§ **Requirement**
Return each entry below exactly. Skip the images.

+++ Data to use

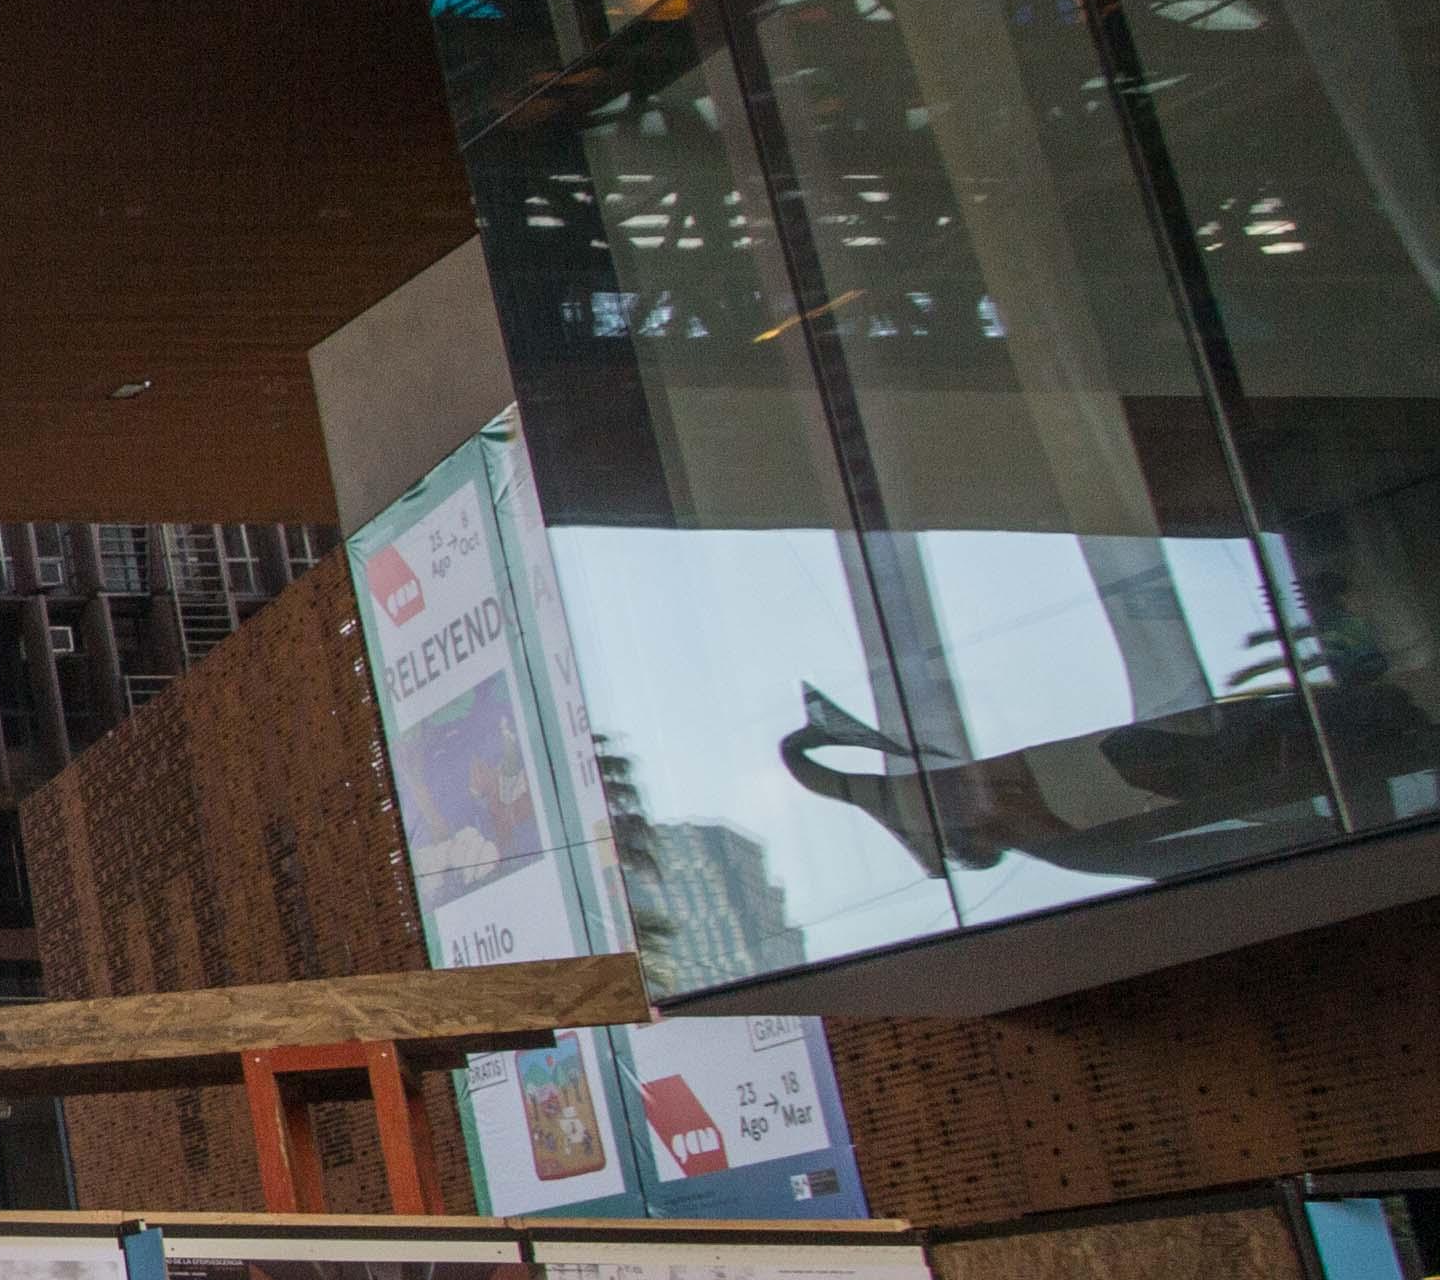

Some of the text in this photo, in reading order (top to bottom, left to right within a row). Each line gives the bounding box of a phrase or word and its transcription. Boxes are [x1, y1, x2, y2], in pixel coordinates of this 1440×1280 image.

[477, 922, 514, 959] hilo
[736, 1070, 800, 1108] 23 18
[740, 1102, 813, 1142] Ago Mar
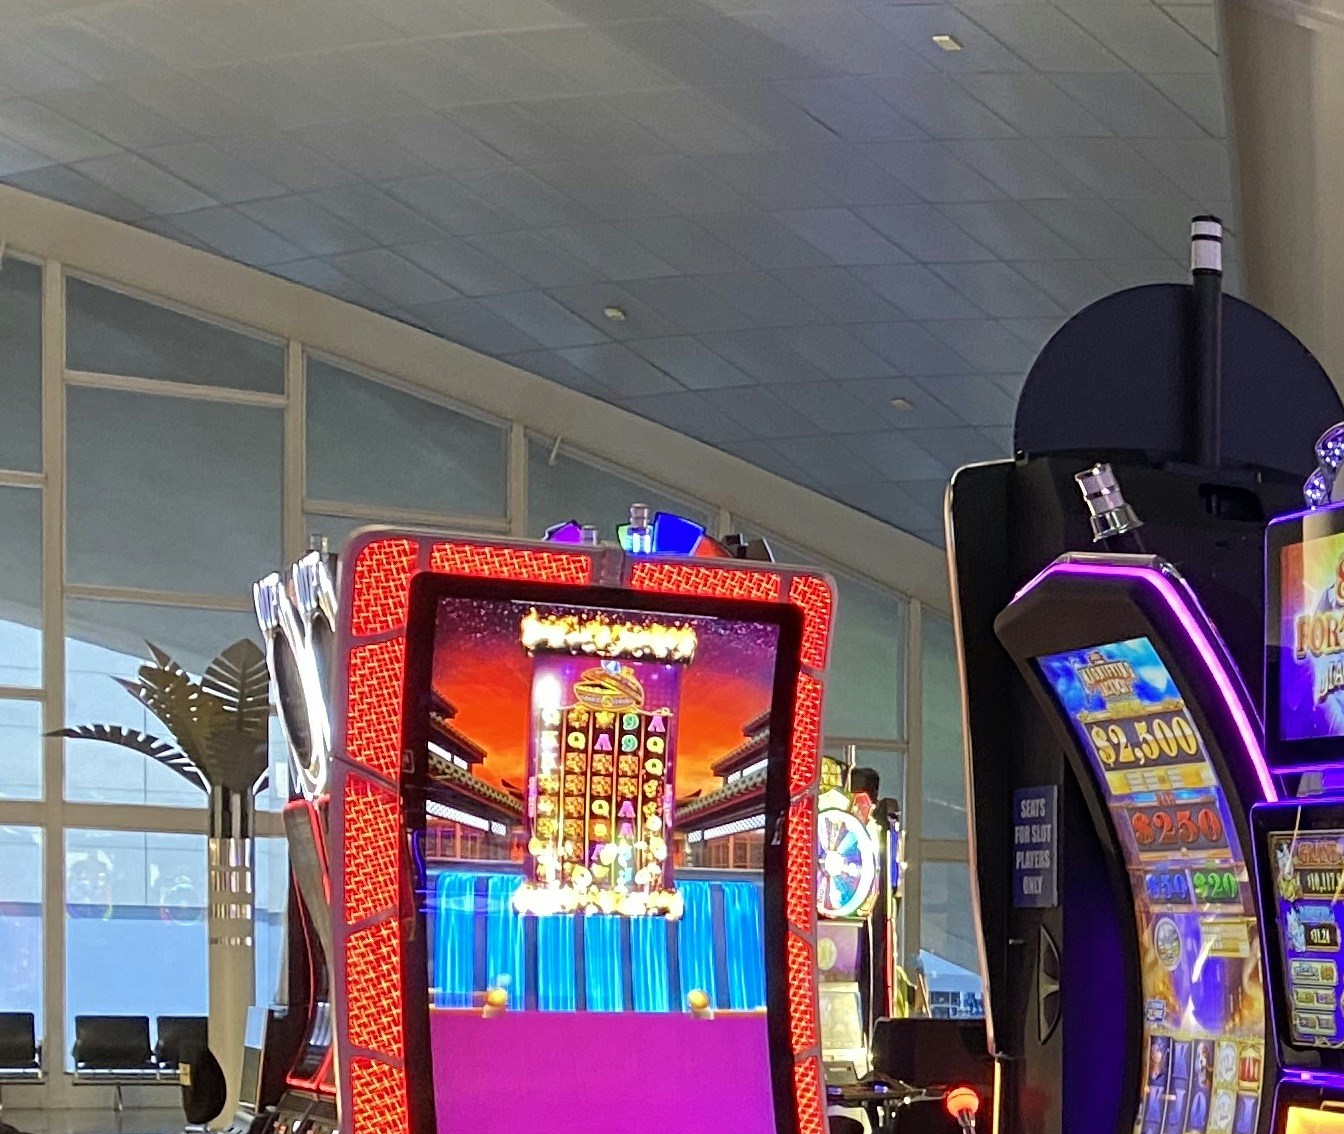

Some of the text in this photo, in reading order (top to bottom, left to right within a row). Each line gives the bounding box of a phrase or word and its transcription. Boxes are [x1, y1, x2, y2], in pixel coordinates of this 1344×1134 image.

[1091, 716, 1199, 767] $2,500
[1020, 798, 1046, 819] SEATS
[1014, 824, 1051, 845] FOR SLOT
[1131, 808, 1224, 845] $250
[1016, 850, 1051, 870] PLAYERS
[1022, 875, 1043, 896] ONLY
[1192, 871, 1239, 899] $20

++++++

§ **Problem solution**
Some of the text in this photo, in reading order (top to bottom, left to right within a row). Each line gives the bounding box of a phrase or word and its transcription. Boxes are [x1, y1, x2, y2], in pixel coordinates of this 1440×1280 image.

[477, 922, 514, 959] hilo
[736, 1070, 800, 1108] 23 18
[740, 1102, 813, 1142] Ago Mar

Some of the text in this photo, in reading order (top to bottom, left to right within a row). Each line gives the bounding box of a phrase or word and its transcription. Boxes are [x1, y1, x2, y2], in pixel coordinates of this 1344×1134 image.

[1091, 716, 1199, 767] $2,500
[1020, 798, 1046, 819] SEATS
[1014, 824, 1051, 845] FOR SLOT
[1131, 808, 1224, 845] $250
[1016, 850, 1051, 870] PLAYERS
[1022, 875, 1043, 896] ONLY
[1192, 871, 1239, 899] $20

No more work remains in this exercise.